> **What to do**: Pictures stay out; please output the remaining data exactly.
==============================
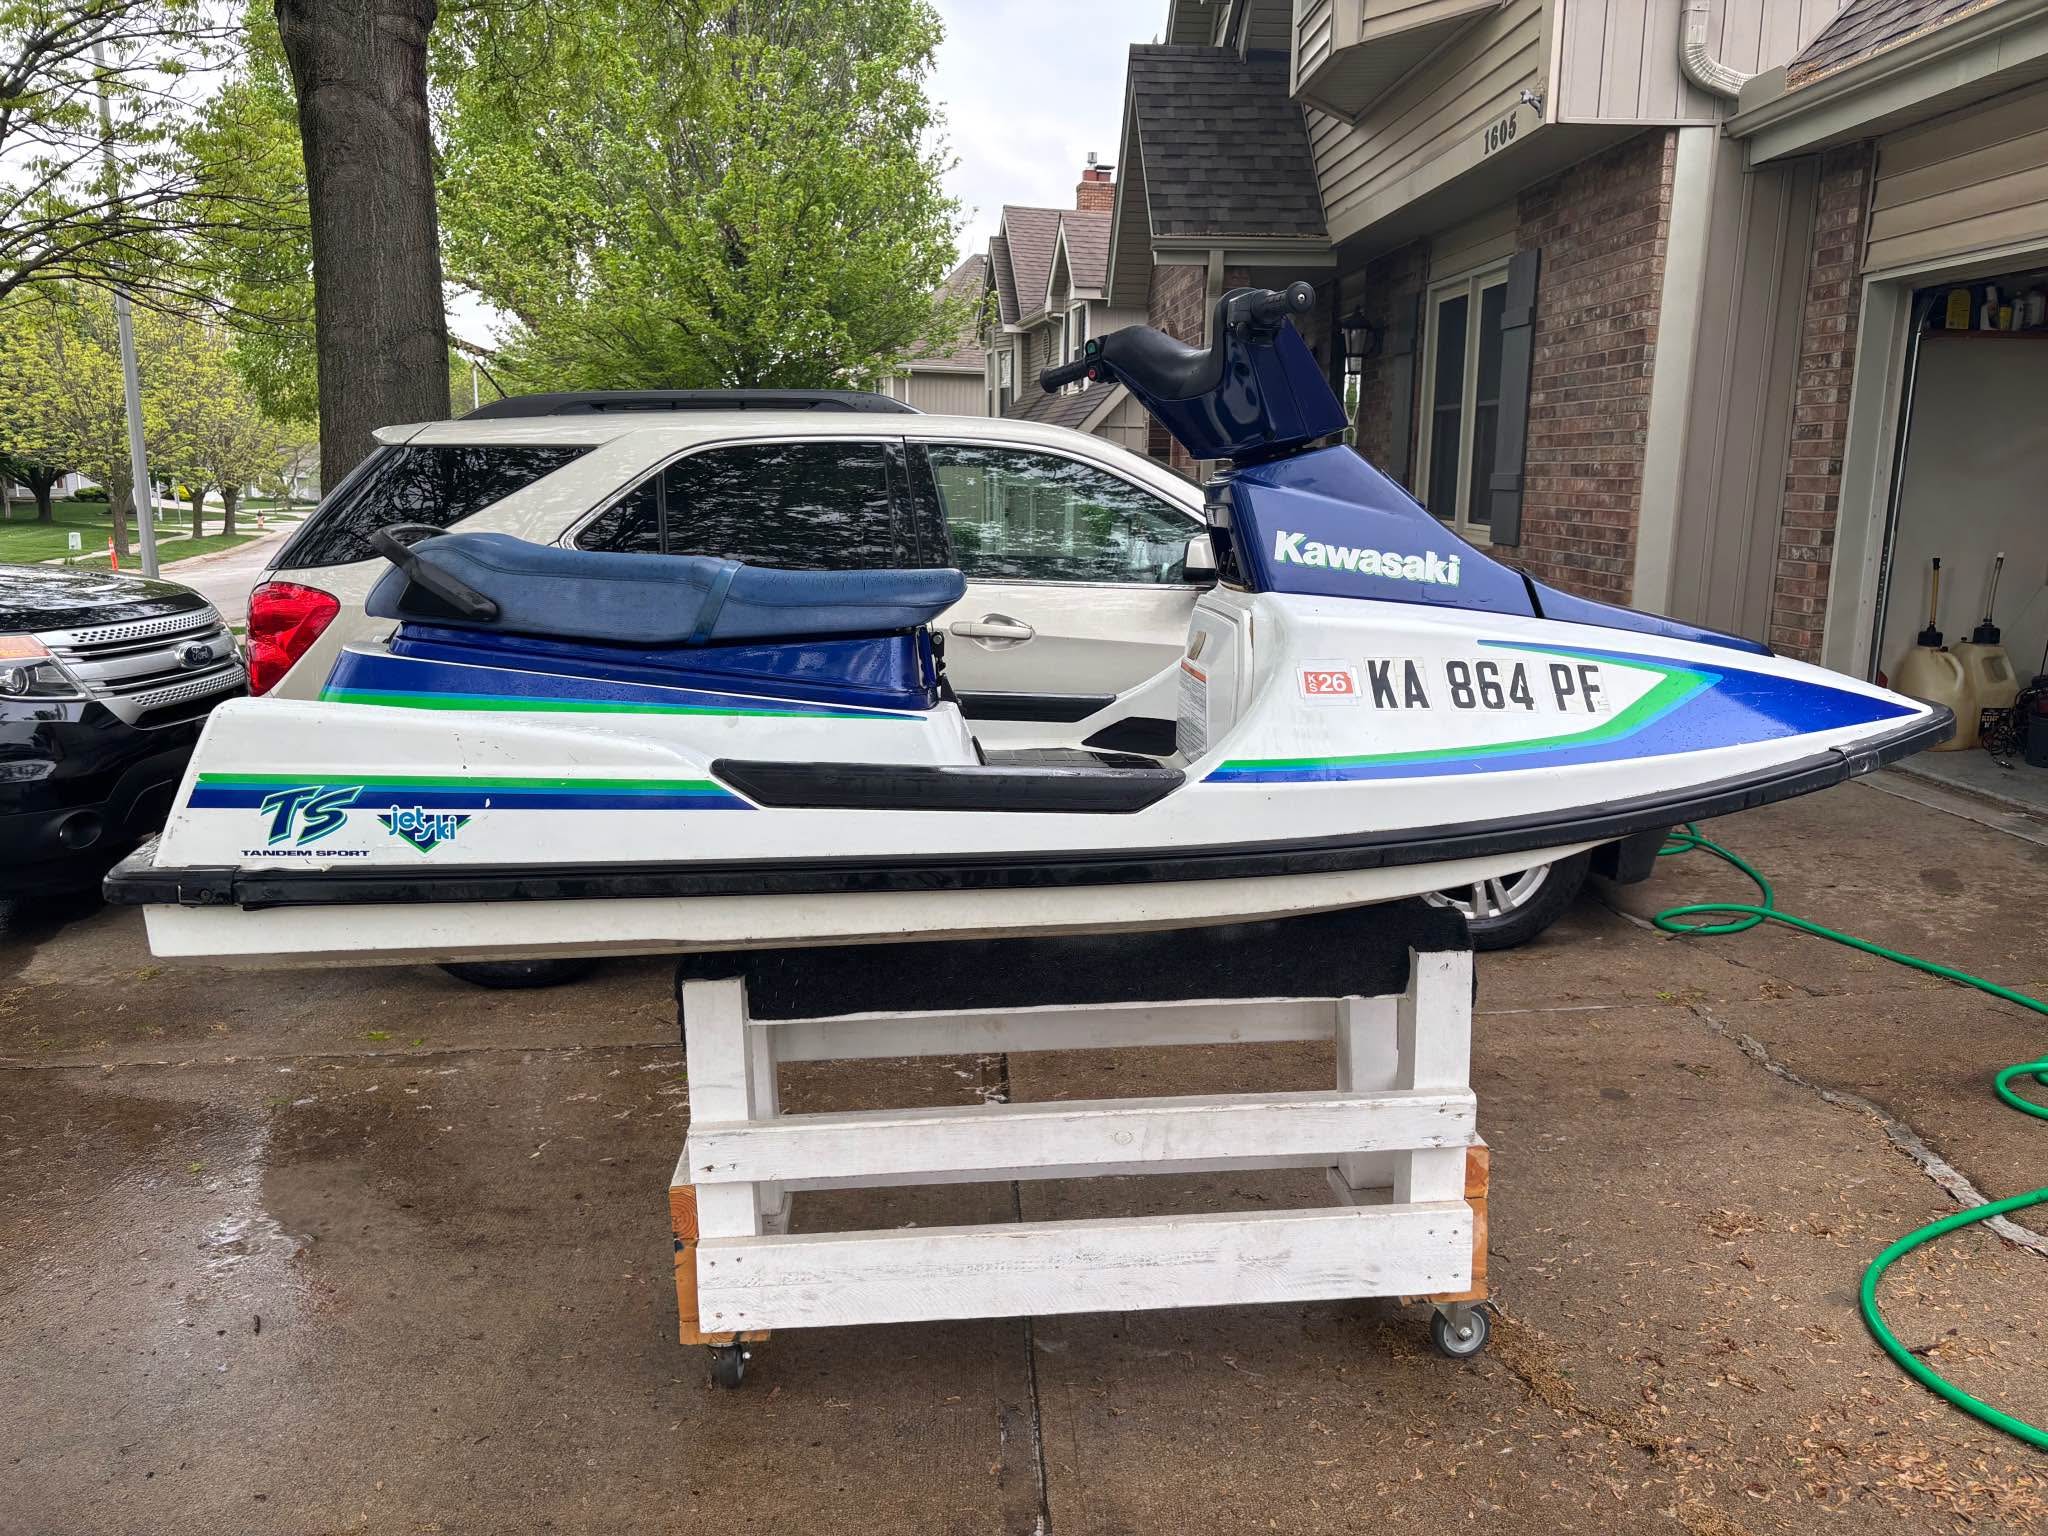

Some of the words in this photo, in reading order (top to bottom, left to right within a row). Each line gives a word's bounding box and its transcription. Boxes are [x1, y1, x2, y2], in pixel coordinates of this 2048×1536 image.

[1484, 111, 1517, 155] 1605
[1274, 530, 1461, 586] Kawasaki
[1319, 674, 1347, 692] 26
[1367, 660, 1430, 708] KA
[1446, 661, 1534, 710] 864
[1549, 663, 1600, 712] PF
[260, 785, 365, 846] TS
[389, 804, 424, 835] jet
==============================
> **Answer section**:
Some of the words in this photo, in reading order (top to bottom, left to right within a row). Each line gives a word's bounding box and its transcription. Boxes are [x1, y1, x2, y2], in pixel coordinates of this 2048×1536 image.

[1484, 111, 1517, 155] 1605
[1274, 530, 1461, 586] Kawasaki
[1319, 674, 1347, 692] 26
[1367, 660, 1430, 708] KA
[1446, 661, 1534, 710] 864
[1549, 663, 1600, 712] PF
[260, 785, 365, 846] TS
[389, 804, 424, 835] jet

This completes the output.